:: THE PROBLEM ::
The records below are to be output exactly, except for their pictures.

:: WORKING DATA ::
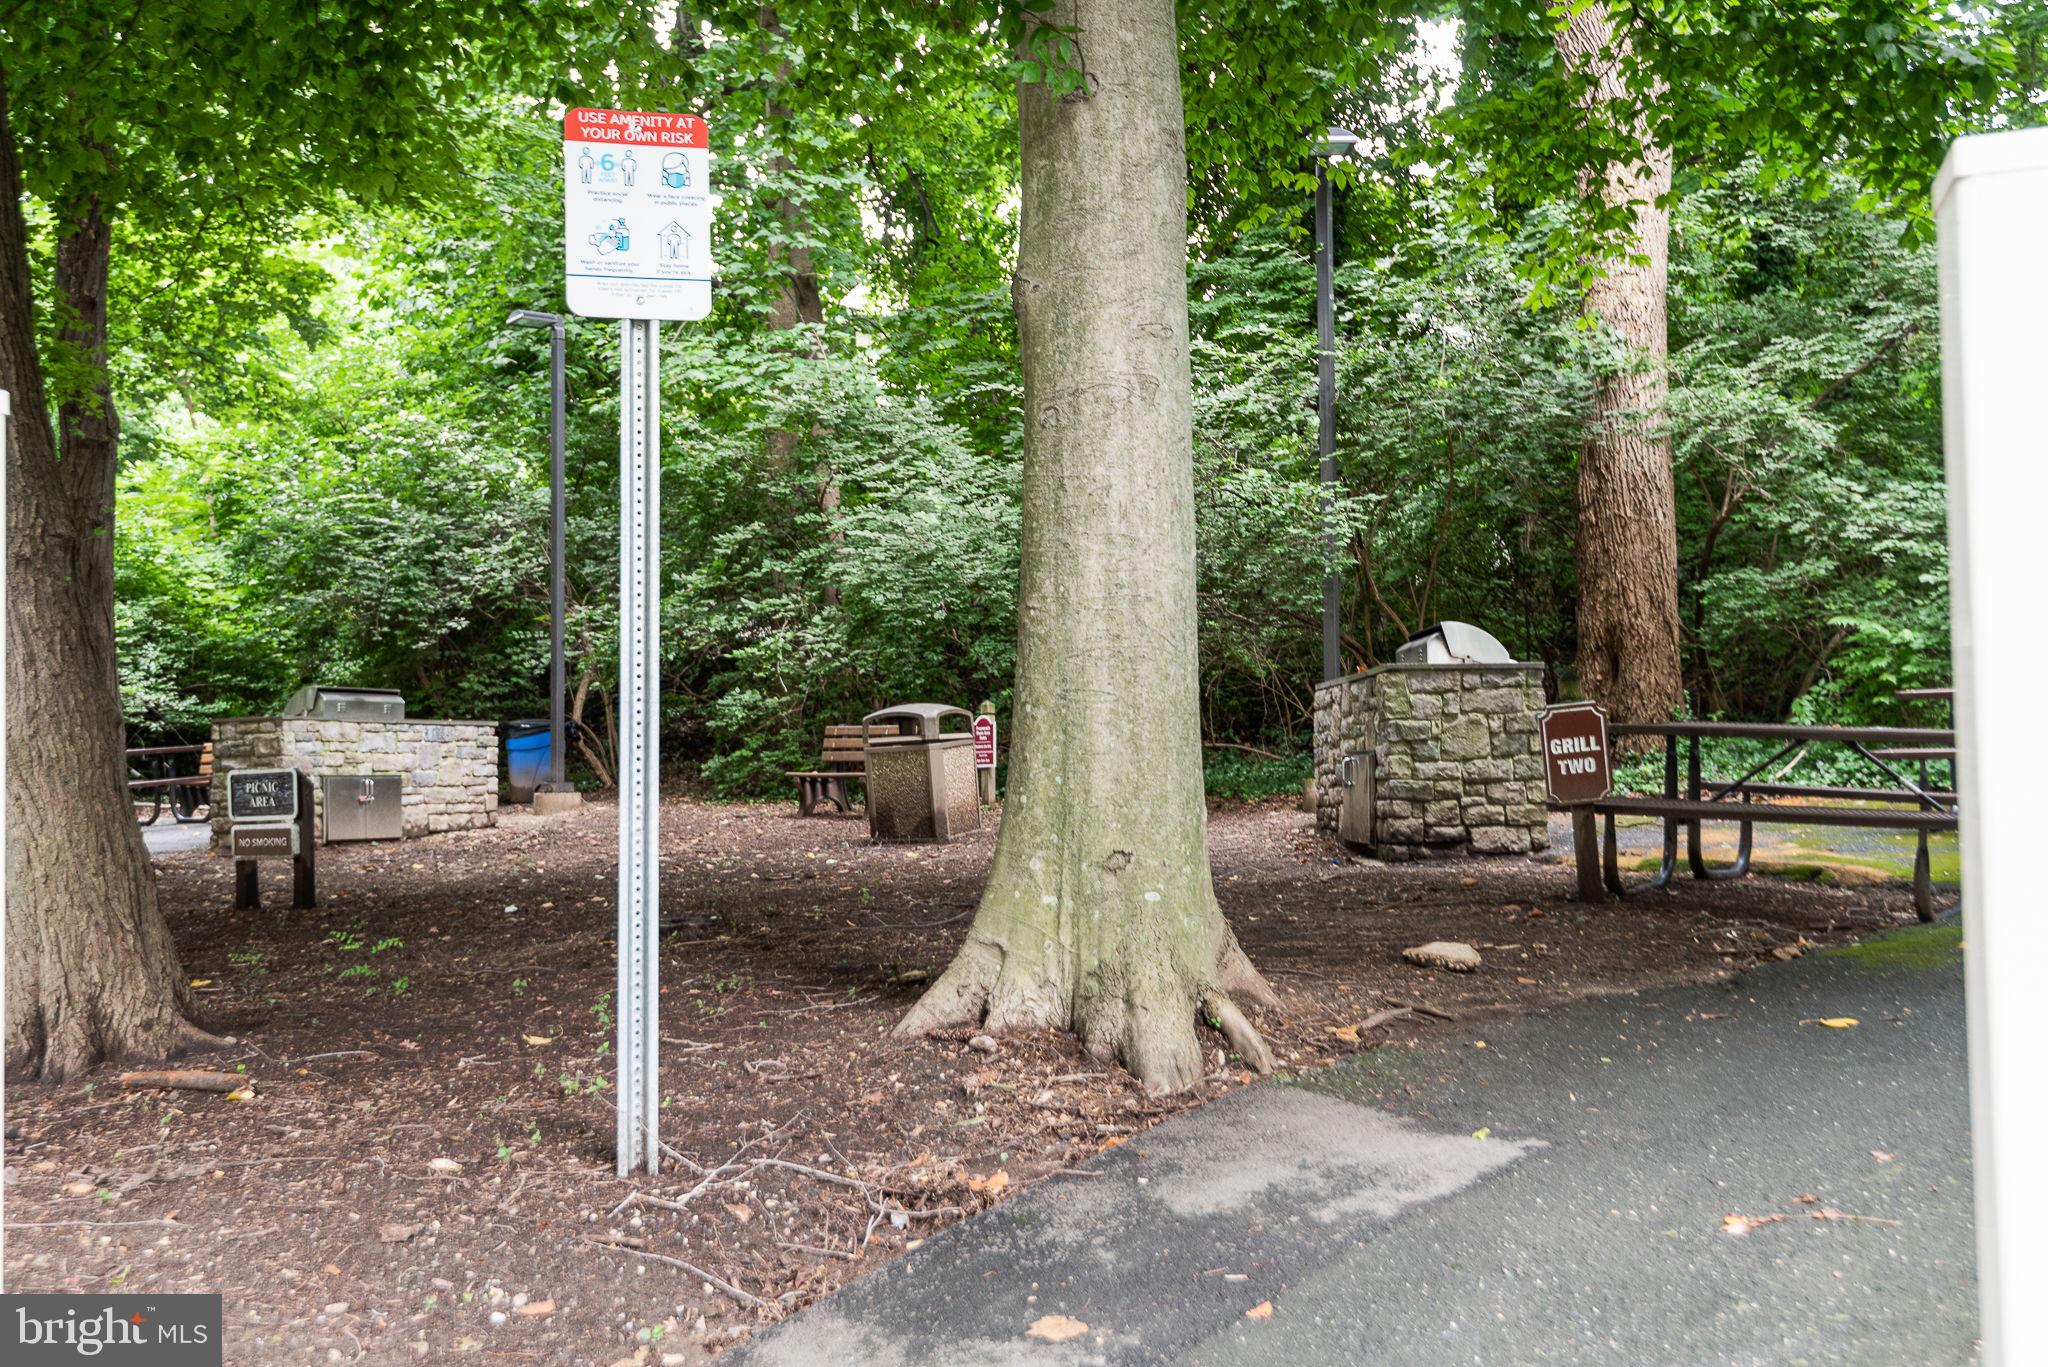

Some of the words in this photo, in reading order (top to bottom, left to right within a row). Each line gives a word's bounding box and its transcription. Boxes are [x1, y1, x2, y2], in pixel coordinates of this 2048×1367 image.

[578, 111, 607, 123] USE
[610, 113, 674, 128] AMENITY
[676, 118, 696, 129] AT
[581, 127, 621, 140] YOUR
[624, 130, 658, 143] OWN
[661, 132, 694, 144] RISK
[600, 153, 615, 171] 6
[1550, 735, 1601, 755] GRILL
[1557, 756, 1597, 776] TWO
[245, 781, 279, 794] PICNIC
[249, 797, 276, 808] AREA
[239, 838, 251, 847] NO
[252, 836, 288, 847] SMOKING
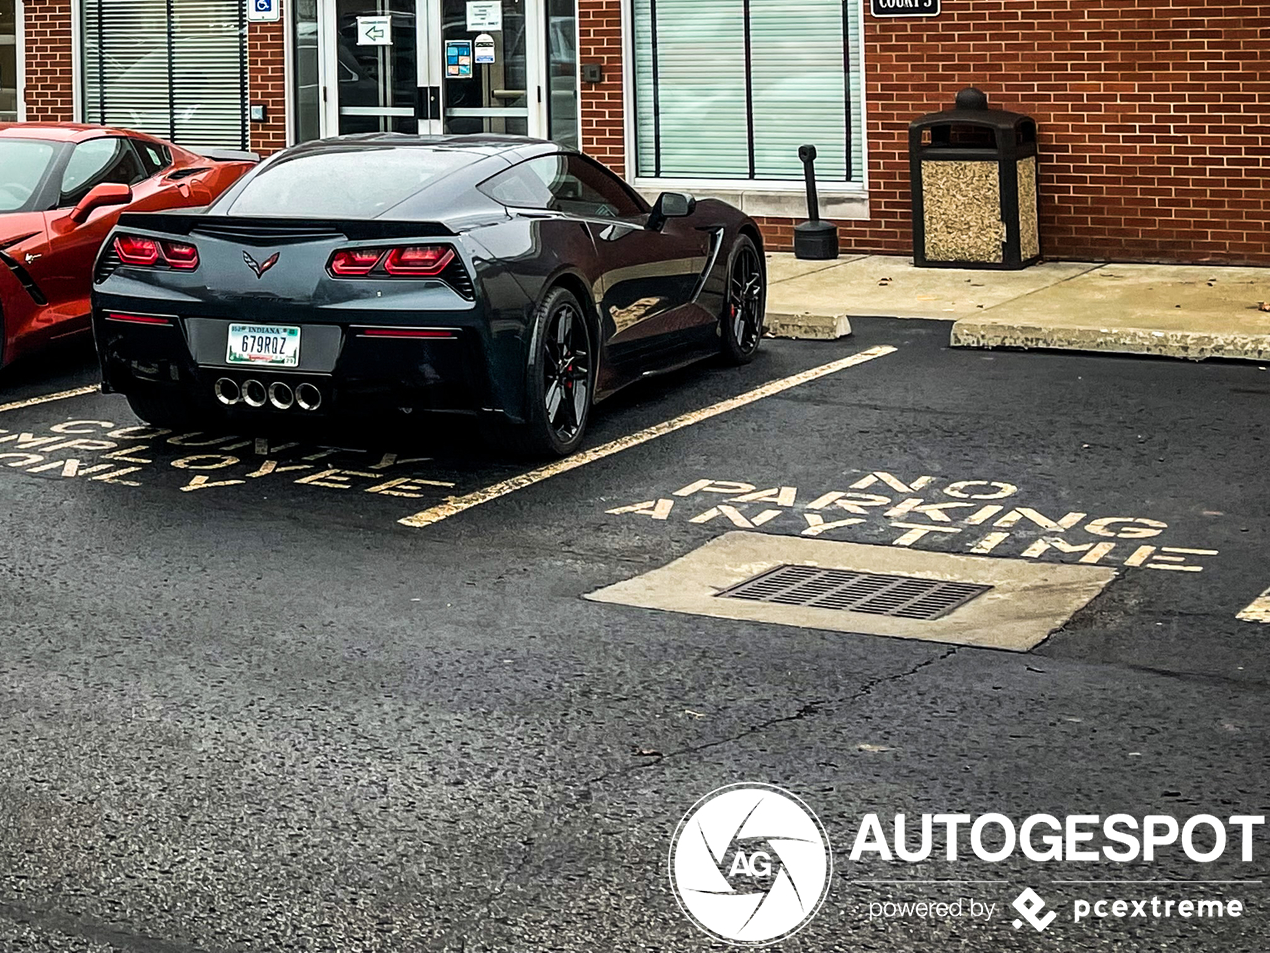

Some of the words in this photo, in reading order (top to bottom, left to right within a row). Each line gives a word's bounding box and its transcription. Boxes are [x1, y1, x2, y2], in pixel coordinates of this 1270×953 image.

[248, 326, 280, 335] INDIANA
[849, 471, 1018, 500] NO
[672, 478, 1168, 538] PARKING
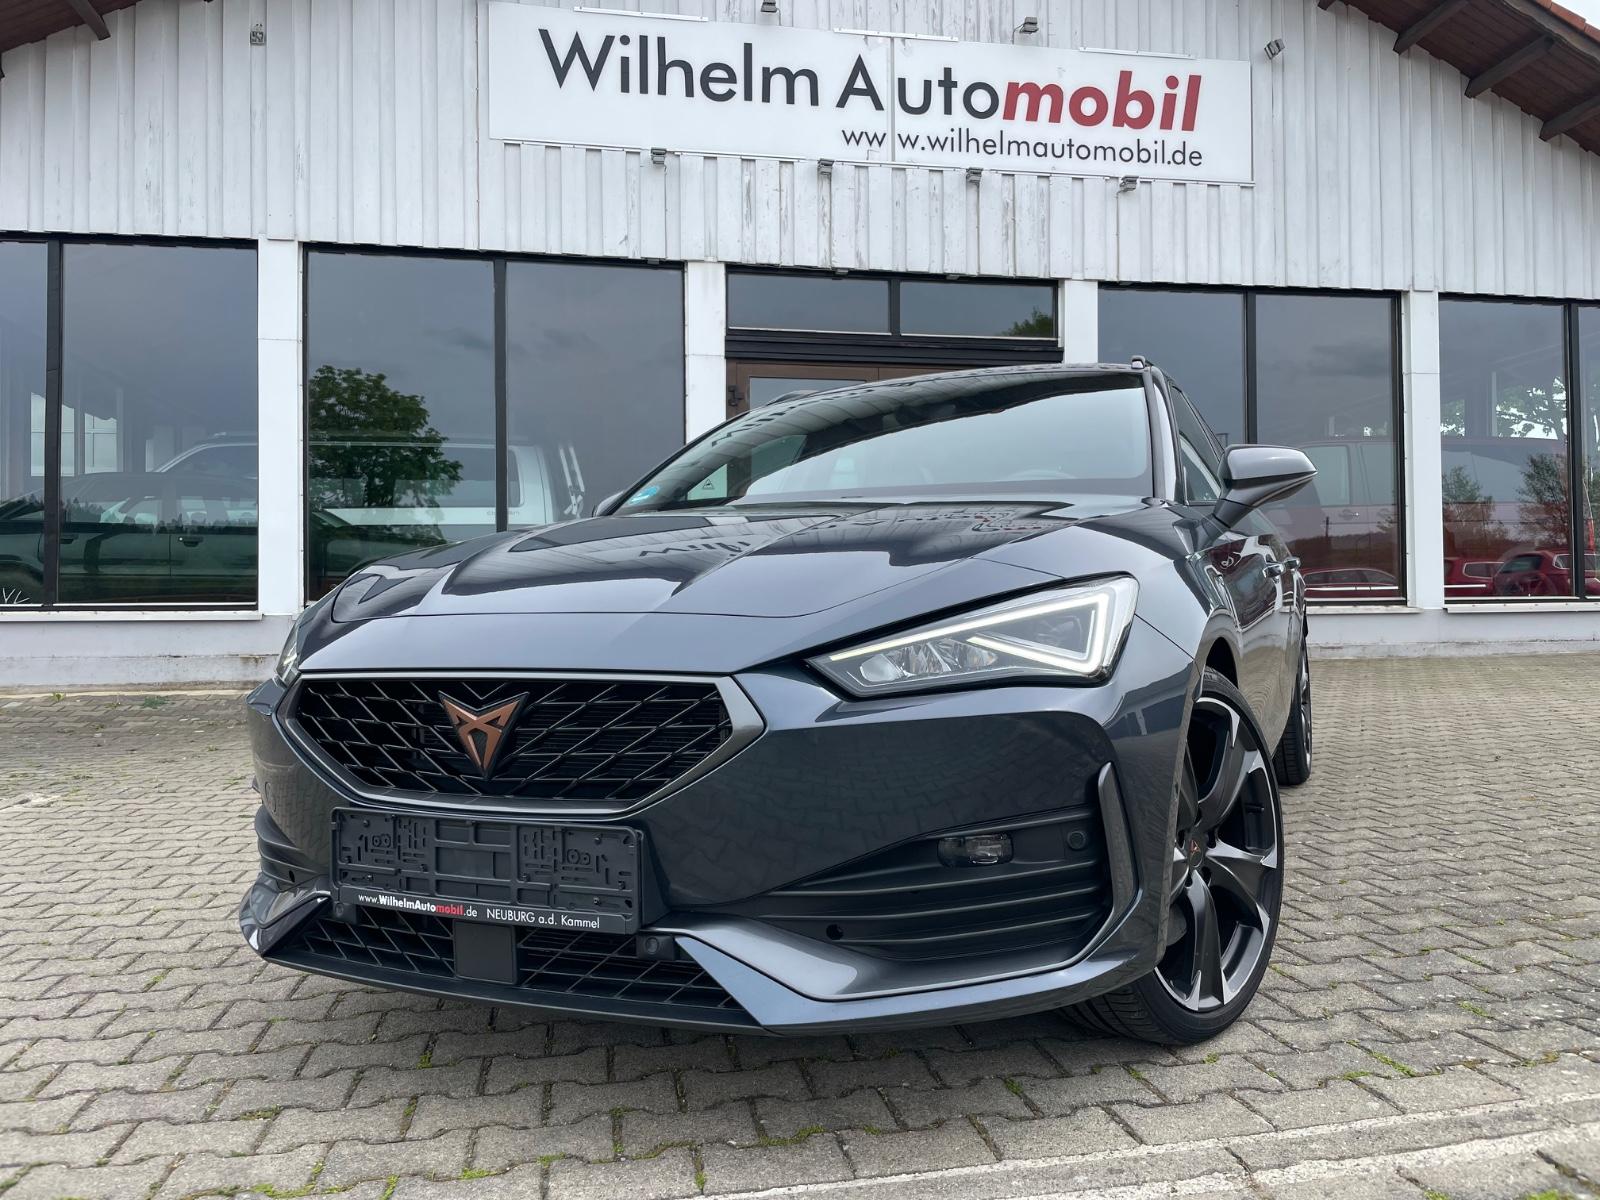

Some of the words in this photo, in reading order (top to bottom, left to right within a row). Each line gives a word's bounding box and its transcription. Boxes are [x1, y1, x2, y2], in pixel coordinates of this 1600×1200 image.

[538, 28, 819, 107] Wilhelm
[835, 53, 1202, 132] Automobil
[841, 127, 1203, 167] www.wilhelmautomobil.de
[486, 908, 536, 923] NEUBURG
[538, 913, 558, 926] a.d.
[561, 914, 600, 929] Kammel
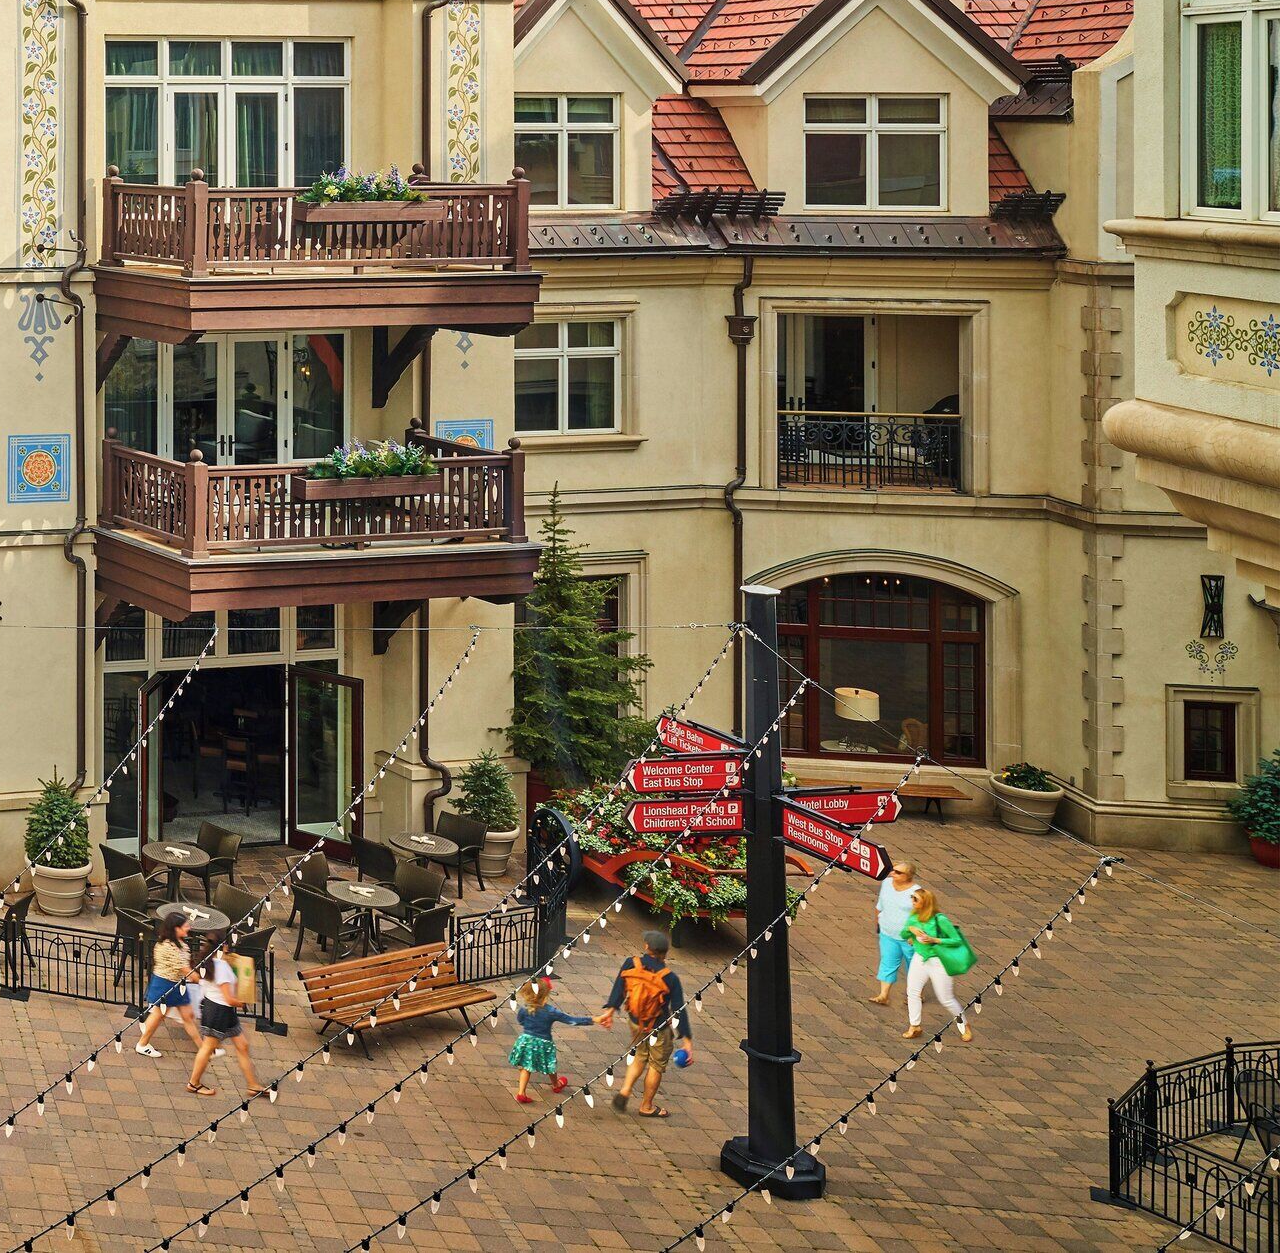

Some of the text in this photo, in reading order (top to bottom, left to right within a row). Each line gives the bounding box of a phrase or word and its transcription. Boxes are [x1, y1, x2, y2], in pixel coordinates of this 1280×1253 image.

:: RESPONSE BOX ::
Some of the words in this photo, in reading order (top to bottom, left to right within a row). Each line gives a word's bounding box and its transcription. Boxes are [x1, y1, x2, y2], in pixel coordinates of this 2048×1367 image.

[578, 111, 607, 123] USE
[610, 113, 674, 128] AMENITY
[676, 118, 696, 129] AT
[581, 127, 621, 140] YOUR
[624, 130, 658, 143] OWN
[661, 132, 694, 144] RISK
[600, 153, 615, 171] 6
[1550, 735, 1601, 755] GRILL
[1557, 756, 1597, 776] TWO
[245, 781, 279, 794] PICNIC
[249, 797, 276, 808] AREA
[239, 838, 251, 847] NO
[252, 836, 288, 847] SMOKING

Some of the words in this photo, in reading order (top to bottom, left to right within a row). Each line gives a word's bounding box and its transcription. Boxes are [x1, y1, x2, y2], in pixel coordinates of this 1270×953 image.

[248, 326, 280, 335] INDIANA
[849, 471, 1018, 500] NO
[672, 478, 1168, 538] PARKING

Some of the words in this photo, in reading order (top to bottom, left to right within a row). Each line gives a word's bounding box and its transcription. Boxes are [x1, y1, x2, y2], in pixel coordinates of this 1600×1200 image.

[538, 28, 819, 107] Wilhelm
[835, 53, 1202, 132] Automobil
[841, 127, 1203, 167] www.wilhelmautomobil.de
[486, 908, 536, 923] NEUBURG
[538, 913, 558, 926] a.d.
[561, 914, 600, 929] Kammel

Some of the text in this photo, in reading order (top to bottom, left to right within a row). Each line gives the bounding box of a phrase or word and its transcription. Boxes are [x1, y1, x2, y2], in pixel coordinates of this 1280×1253 image.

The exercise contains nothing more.